[INPUT DATA Boundary: Start]
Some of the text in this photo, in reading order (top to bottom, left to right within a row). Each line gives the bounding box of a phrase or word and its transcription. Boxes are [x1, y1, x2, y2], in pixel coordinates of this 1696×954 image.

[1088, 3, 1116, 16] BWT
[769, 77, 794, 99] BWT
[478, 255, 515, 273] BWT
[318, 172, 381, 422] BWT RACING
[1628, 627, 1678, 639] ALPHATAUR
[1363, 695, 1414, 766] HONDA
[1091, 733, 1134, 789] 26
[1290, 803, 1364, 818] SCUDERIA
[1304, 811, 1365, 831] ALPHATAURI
[INPUT DATA Boundary: End]
PROMPT: The records above must be retyped in full, exactly as written.

TASK RESULT:
Some of the text in this photo, in reading order (top to bottom, left to right within a row). Each line gives the bounding box of a phrase or word and its transcription. Boxes are [x1, y1, x2, y2], in pixel coordinates of this 1696×954 image.

[1088, 3, 1116, 16] BWT
[769, 77, 794, 99] BWT
[478, 255, 515, 273] BWT
[318, 172, 381, 422] BWT RACING
[1628, 627, 1678, 639] ALPHATAUR
[1363, 695, 1414, 766] HONDA
[1091, 733, 1134, 789] 26
[1290, 803, 1364, 818] SCUDERIA
[1304, 811, 1365, 831] ALPHATAURI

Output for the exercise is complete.